Mannich reaction

In organic chemistry, the Mannich reaction is a three-component organic reaction that involves the amino alkylation of the α-position of a ketone or aldehyde with an aldehyde and a nullary, primary, or secondary amine (−NH₂).^[1] The final product is a β-amino-carbonyl compound also known as a Mannich base. The reaction is named after Carl Mannich.^[2][3]

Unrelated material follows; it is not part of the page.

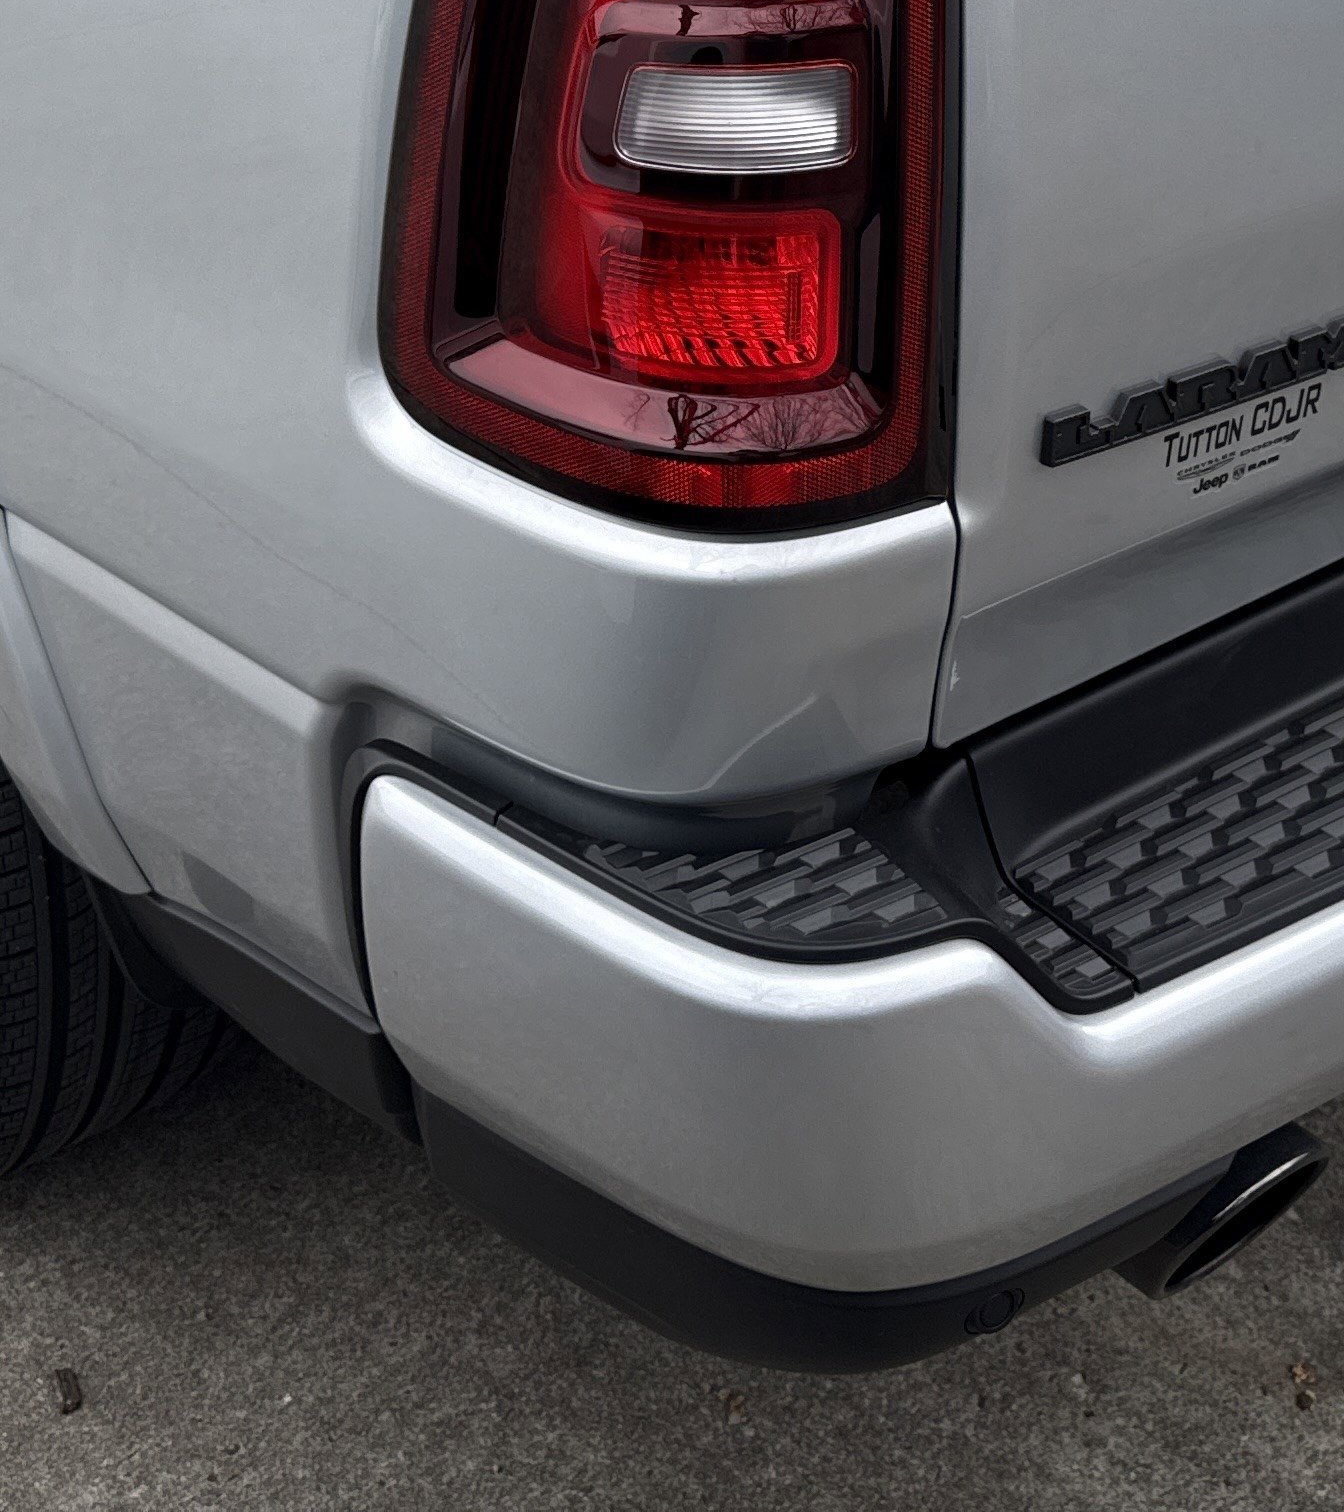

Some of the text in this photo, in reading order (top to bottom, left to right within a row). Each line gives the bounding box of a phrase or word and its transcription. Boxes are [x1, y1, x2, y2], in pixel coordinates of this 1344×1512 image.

An acid-catalyzed three component reaction with amine, ketone or aldehyde, and an enolizable carbonyl to yield a β-amino carbonyl.

Mannich reaction
Named after	Carl Mannich
Reaction type	Coupling reaction
Identifiers
Organic Chemistry Portal	mannich-reaction
RSC ontology ID	RXNO:0000032

The Mannich reaction starts with the nucleophilic addition of an amine to a carbonyl group followed by dehydration to the Schiff base. The Schiff base is an electrophile which reacts in a second step in an electrophilic addition with an enol formed from a carbonyl compound containing an acidic α-proton. The Mannich reaction is a condensation reaction.^[4]: 140

Reaction mechanism

The mechanism of the Mannich reaction starts with the formation of an iminium ion from the amine and aldehyde.^[4]: 140

Arrow pushing for the formation of an iminium ion

The compound with the carbonyl functional group (in this case a ketone) will tautomerize to the enol form, after which it attacks the iminium ion.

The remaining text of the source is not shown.